Bacalah Laporan Lengkap Transaksi Tidak Wajar di Bank Century Di bawah ini
Minggu, 25 Dec 2011 11:04 WIB

RIMANEWS- Melalui surat nomor 87A/LHP/VI/12/2011 tertanggal 22 Desember 2011 BPK juga menemukan dua informasi lainnya yang merupakan fakta yang ditemukan saat pemeriksaan.

Fakta yang ditemukan tersebut di luar sasaran pemeriksaan yang telah ditetapkan. BPK menyebutkan dua informasi ini masih ada tahapan yang harus diuji lebih lanjut. Berikut infomasi kesatu dari BPK:

Aliran dana Sdr. SS dan Sdri SL ke PT MNP.
Hasil Penelusuran BPK atas aliran dana pada BC pada tahun 2009 ada transfer dana dari rekening Sdr. BS dan perusahaannya PT LSB di BC ke rekening PT SAN di BCA sebesar Rp14,85 miliar penelusuran lebih lanjut, terdapat aliran dana dari rekening PT SAN di BCA ke rekening Sdr. SS di Bank Mandiri sebesar Rp7,8 miliar. PT SAN adalah perusahaan yang sahamnya dimiliki oleh Sdr BS dan Sdr. SS (anak dari Sdr BS).

Dari rekening Sdr. SS di Bank Mandiri, terdapat aliran dana ke rekening PT IMA dan PT SMS di BNI dan Bank Commonwealth. PT IMA dan PT SMS juga menerima aliran dan dari rekening Sdr.
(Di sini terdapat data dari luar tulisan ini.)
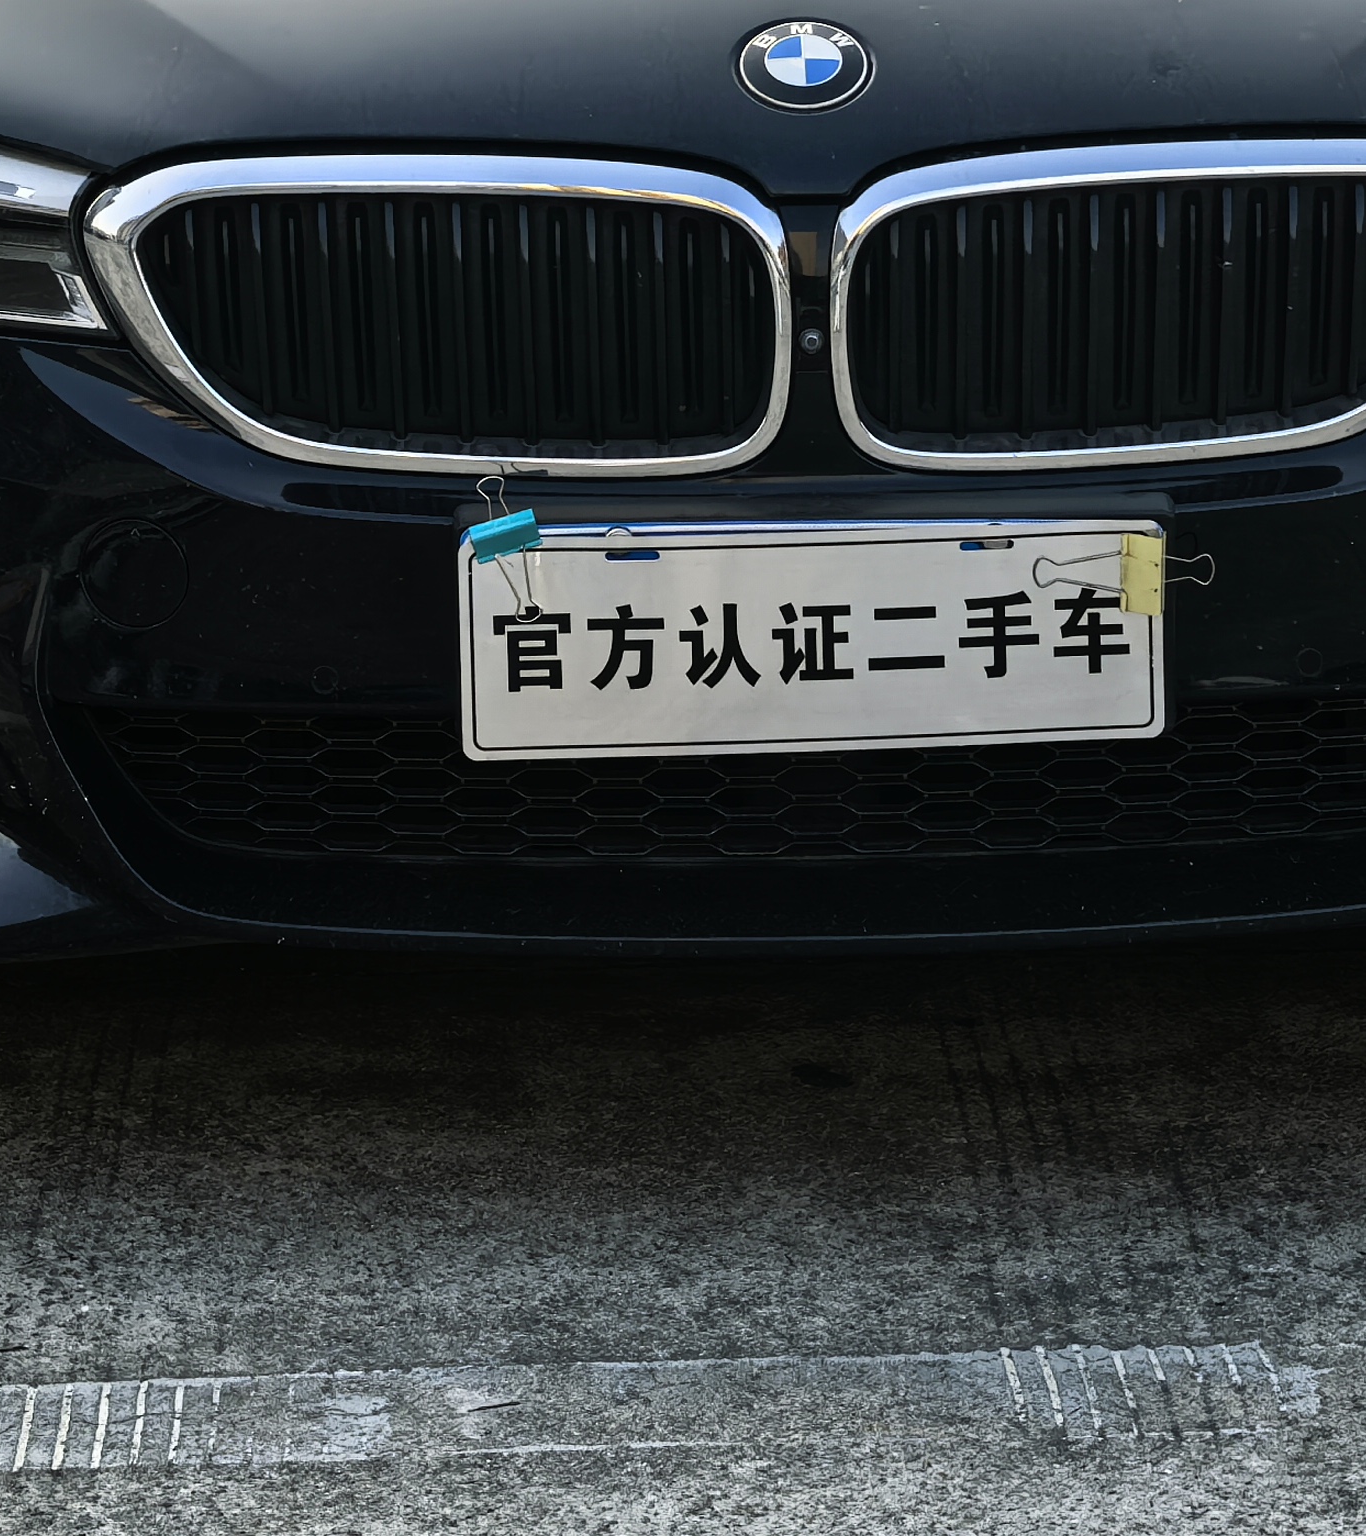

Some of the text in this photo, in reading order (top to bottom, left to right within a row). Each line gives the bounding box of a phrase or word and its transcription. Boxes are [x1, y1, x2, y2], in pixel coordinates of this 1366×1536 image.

SS di BCA dan rekening Sdri. SL (istri dari Sdr. SS) di Bank Mandiri. Selanjutnya dari rekening PT IMA dan PT SMS terdapat aliran dana ke PT MNP. Dalam periode 2006 s.d 2009, PT IMA dan PT SMS menerima dana dari Sdr. SS dan Sdri SL sebesar Rp100,95 miliar.

Sdr. SS dan Sdri SL adalah pemegang saham PT IMA dan PT SMS. PT IMA dan PT SMS adalah pemegang saham PT MNP suatu perusahaan yang bergerak di bidang penerbitan media. Menurut penjelasan Sdr. SS, semua aliran dana ke PT IMA dan PT SMS adalah untuk pembiayaan operasional PT MNP.
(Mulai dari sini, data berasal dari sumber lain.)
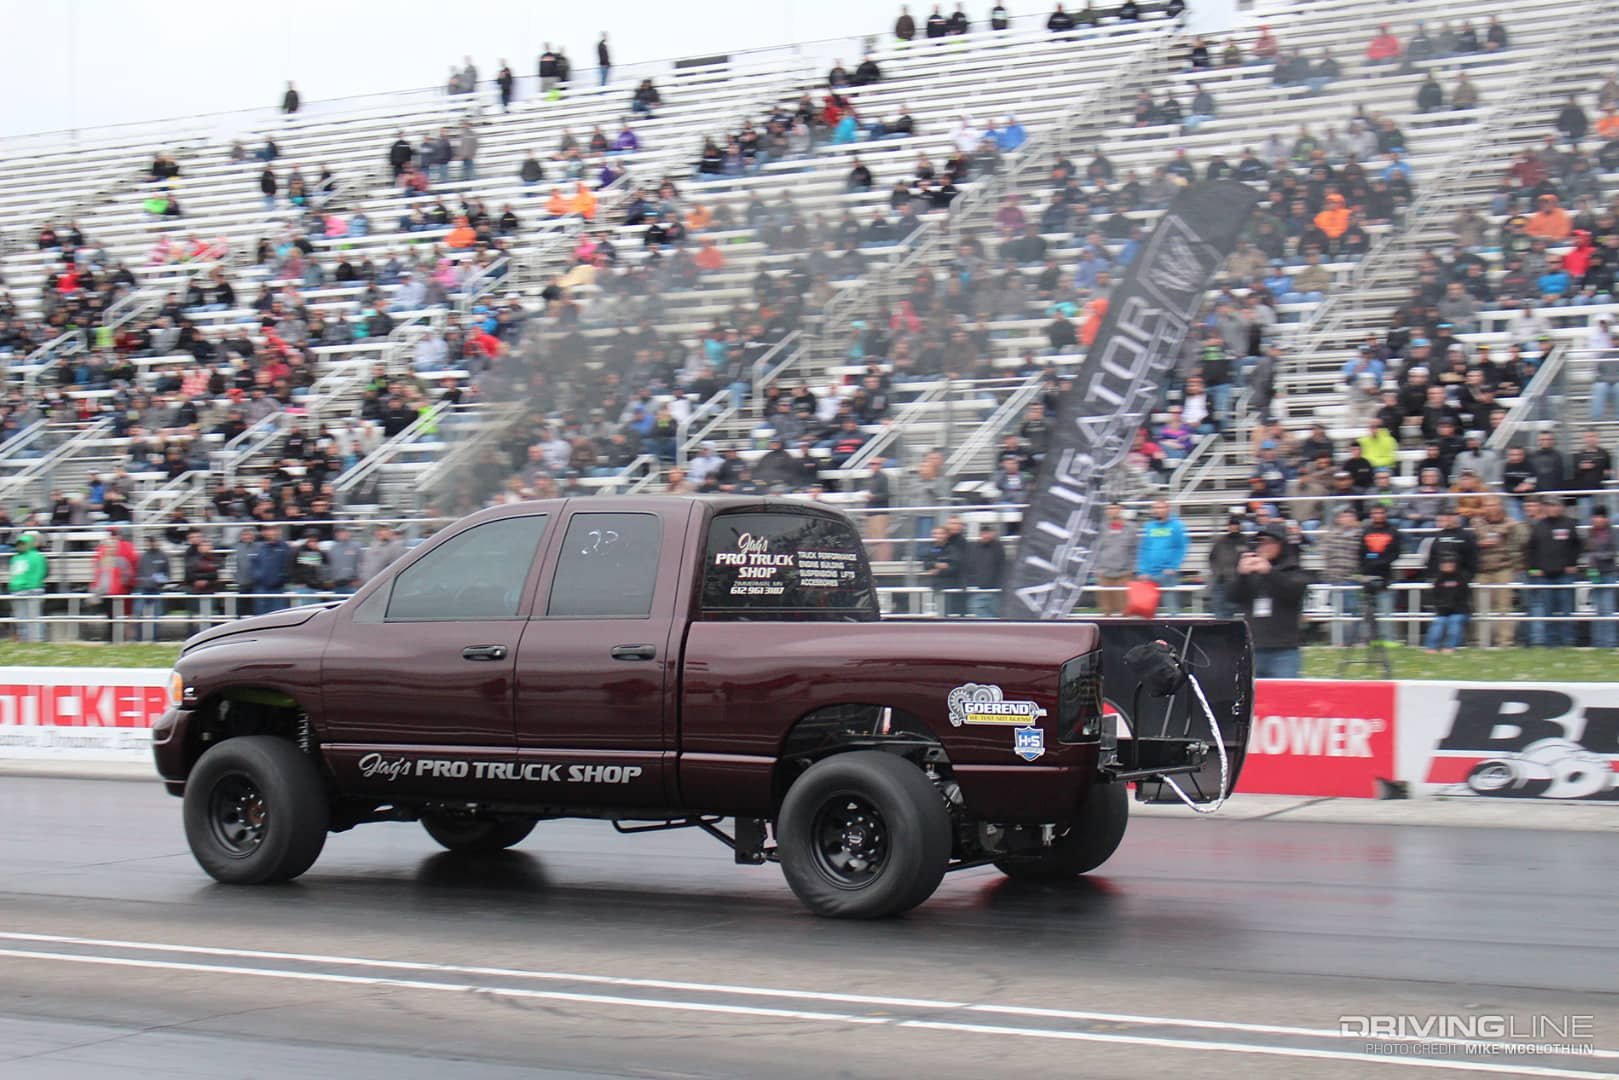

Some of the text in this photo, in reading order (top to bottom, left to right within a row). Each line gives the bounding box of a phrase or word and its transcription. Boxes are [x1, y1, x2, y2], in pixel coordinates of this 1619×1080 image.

[1015, 295, 1163, 613] ALLIGATOR
[715, 553, 794, 566] PRO TRUCK
[738, 567, 777, 578] SHOP
[0, 684, 168, 728] TICKER
[964, 702, 1029, 715] GOEREND
[415, 760, 468, 778] PRO
[472, 761, 562, 782] TRUCK
[567, 765, 642, 784] SHOP
BPK menemukan bahwa selama periode 2006 s.d 2009 terdapat aliran dana dari Sdr. SS dan Sdri. SL melaluiPT IMA dan PT SMS ke PT MNP sebesar Rp100,95 miliar. Namun BPK belum menemukan hubungan antara aliran dana tersebut dengan kasus BC.

Melalui surat nomor 87A/LHP/VI/12/2011 tertanggal 22 Desember 2011 BPK juga menemukan dua informasi lainnya yang merupakan fakta yang ditemukan saat pemeriksaan.
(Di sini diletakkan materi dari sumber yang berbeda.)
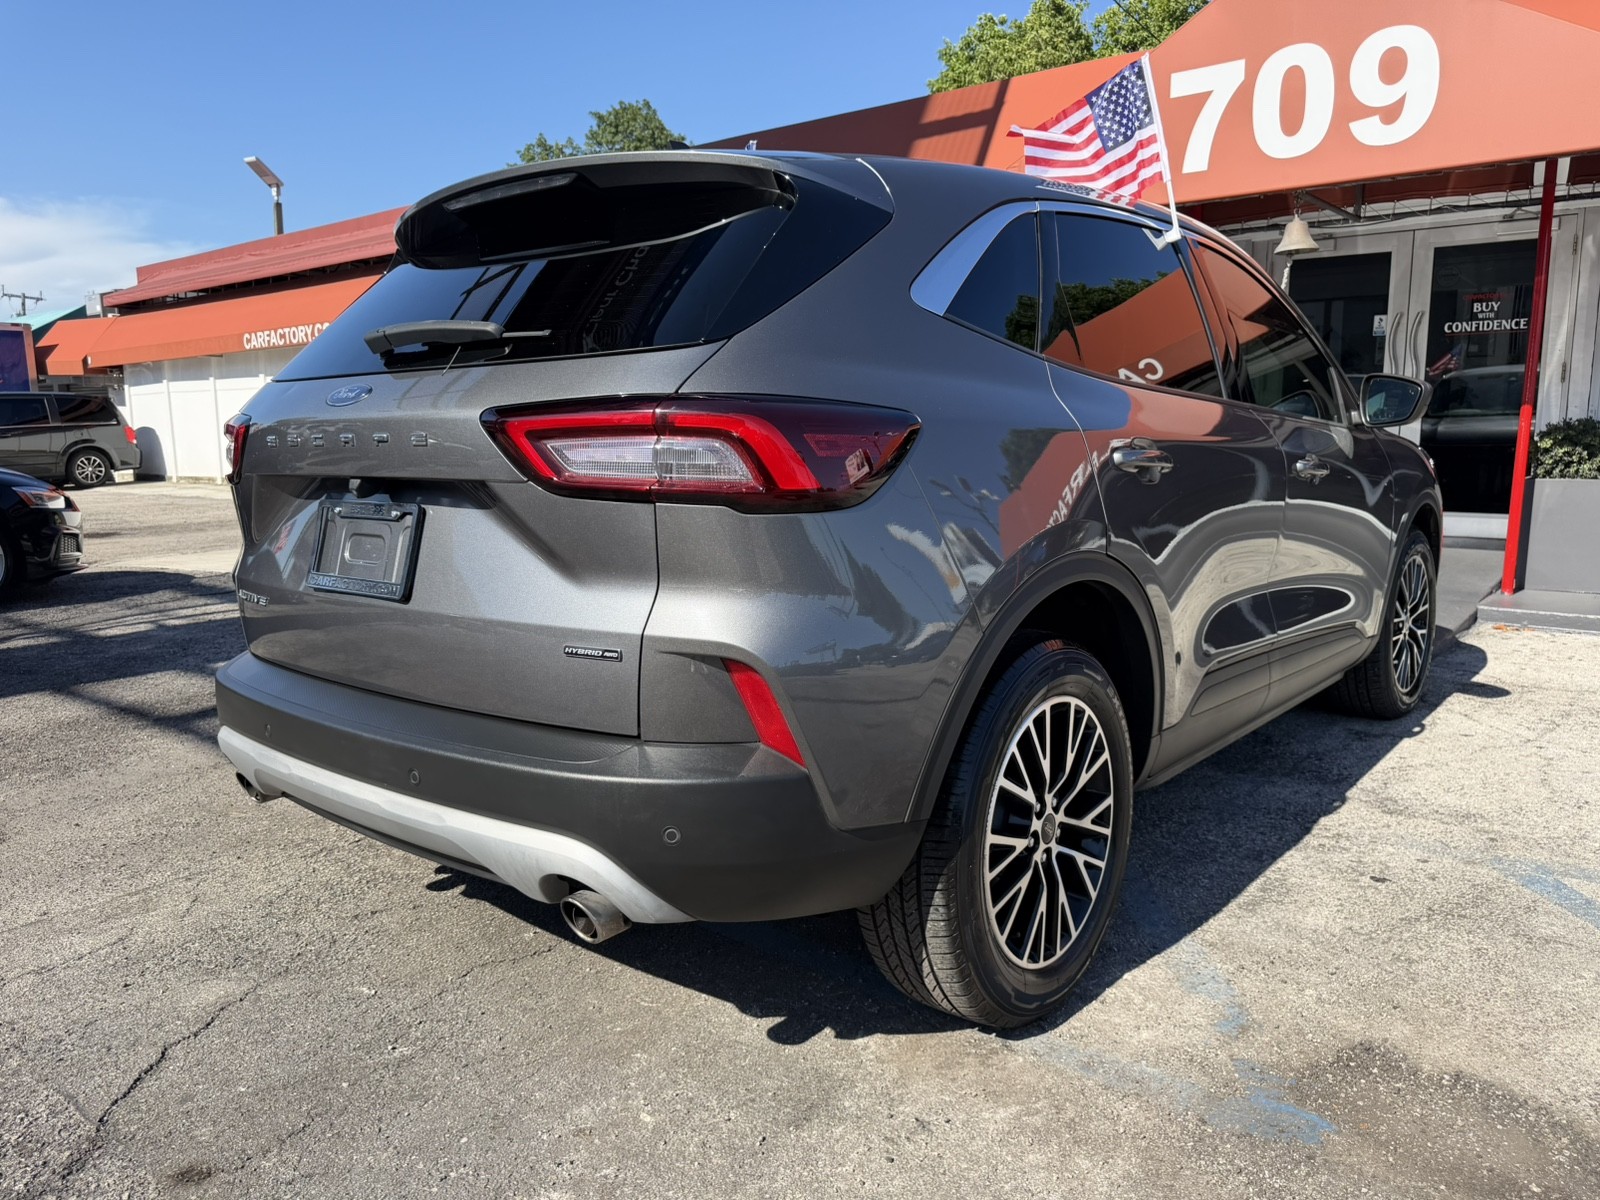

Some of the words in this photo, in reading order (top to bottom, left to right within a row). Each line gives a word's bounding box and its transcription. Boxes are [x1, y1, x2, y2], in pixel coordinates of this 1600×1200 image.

[1169, 24, 1440, 175] 709
[1473, 301, 1501, 313] BUY
[1444, 318, 1529, 333] CONFIDENCE
[564, 647, 603, 657] HYBRID
Fakta yang ditemukan tersebut di luar sasaran pemeriksaan yang telah ditetapkan. BPK menyebutkan dua informasi ini masih ada tahapan yang harus diuji lebih lanjut. Berikut infomasi kedua dari BPK:

Transaksi penukaran valas dan penyetoran hasil penukaran valas Sdr. HEW dan Sdri. SKS.

Sdr. HEW dan Sdri. SKS (istri Sdr. HEW), adalah nasabah BC sejak Januari 2007. Terdapat penyetoran tunai (dhi. aplikasi pengiriman uang) atas nama Sdri. SKS yang dilakukan di BC Cabang Pondok Indah ke rekening Sdr. HEW di BCA Cabang Times Square di Cibubur pada tanggal 25 Januari 2007 sebesar Rp453juta dan tanggal 30 Juli 2007 sebesar Rp368 juta serta BII Cabang Mangga Dua pada tanggal 22 November 2007 sebesar Rp469 juta. Aplikasi penyetoran ke BCA dan BII ditandatangani oleh Sdri. DW (customer service BC Cabang Pondok Indah).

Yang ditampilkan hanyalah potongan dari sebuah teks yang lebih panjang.